- WHAT YOU NEED TO DO -
Keep images out and repeat all data exactly.
---------- SUPPLIED DATA
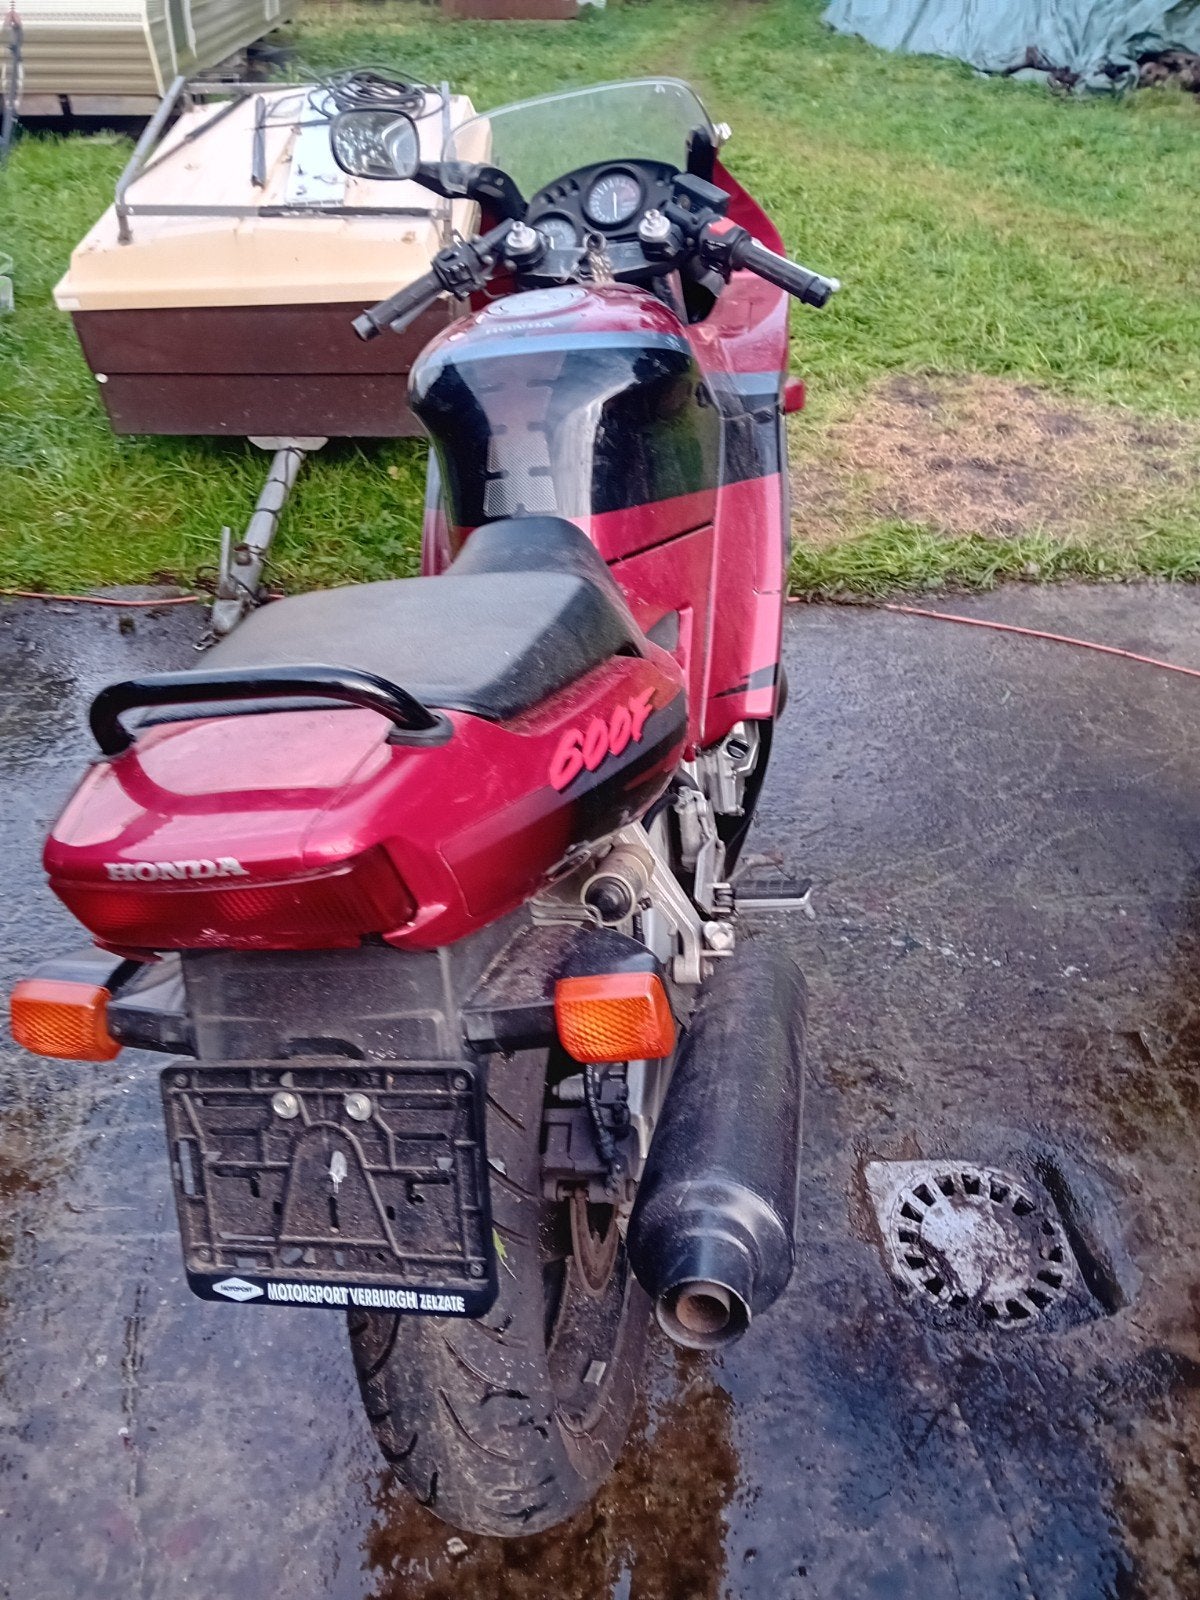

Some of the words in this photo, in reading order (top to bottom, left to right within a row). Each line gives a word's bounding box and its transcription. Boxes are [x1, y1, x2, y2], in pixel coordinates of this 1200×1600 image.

[549, 686, 656, 791] 600F
[103, 857, 249, 881] HONDA
[267, 1282, 349, 1305] MOTORSPORT
[349, 1287, 418, 1309] VERBURGH
[419, 1294, 465, 1312] ZELZATE
--------------------
- OUTPUT FOR THIS TASK -
Some of the words in this photo, in reading order (top to bottom, left to right within a row). Each line gives a word's bounding box and its transcription. Boxes are [x1, y1, x2, y2], in pixel coordinates of this 1200×1600 image.

[549, 686, 656, 791] 600F
[103, 857, 249, 881] HONDA
[267, 1282, 349, 1305] MOTORSPORT
[349, 1287, 418, 1309] VERBURGH
[419, 1294, 465, 1312] ZELZATE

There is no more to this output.